> **What you will do**
Nothing left out, nothing added: return the full set of records.

> **Provided material**
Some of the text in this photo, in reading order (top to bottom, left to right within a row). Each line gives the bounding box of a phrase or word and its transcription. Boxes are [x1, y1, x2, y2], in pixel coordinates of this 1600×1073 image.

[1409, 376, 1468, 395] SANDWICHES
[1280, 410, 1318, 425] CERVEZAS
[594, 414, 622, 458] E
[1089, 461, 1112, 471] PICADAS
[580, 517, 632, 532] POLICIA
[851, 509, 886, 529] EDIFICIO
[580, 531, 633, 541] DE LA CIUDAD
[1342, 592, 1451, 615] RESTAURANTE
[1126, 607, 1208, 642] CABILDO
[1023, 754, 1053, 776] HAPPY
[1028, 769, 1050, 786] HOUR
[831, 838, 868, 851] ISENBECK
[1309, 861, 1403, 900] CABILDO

> **Solution for this task**
Some of the text in this photo, in reading order (top to bottom, left to right within a row). Each line gives the bounding box of a phrase or word and its transcription. Boxes are [x1, y1, x2, y2], in pixel coordinates of this 1600×1073 image.

[1409, 376, 1468, 395] SANDWICHES
[1280, 410, 1318, 425] CERVEZAS
[594, 414, 622, 458] E
[1089, 461, 1112, 471] PICADAS
[580, 517, 632, 532] POLICIA
[851, 509, 886, 529] EDIFICIO
[580, 531, 633, 541] DE LA CIUDAD
[1342, 592, 1451, 615] RESTAURANTE
[1126, 607, 1208, 642] CABILDO
[1023, 754, 1053, 776] HAPPY
[1028, 769, 1050, 786] HOUR
[831, 838, 868, 851] ISENBECK
[1309, 861, 1403, 900] CABILDO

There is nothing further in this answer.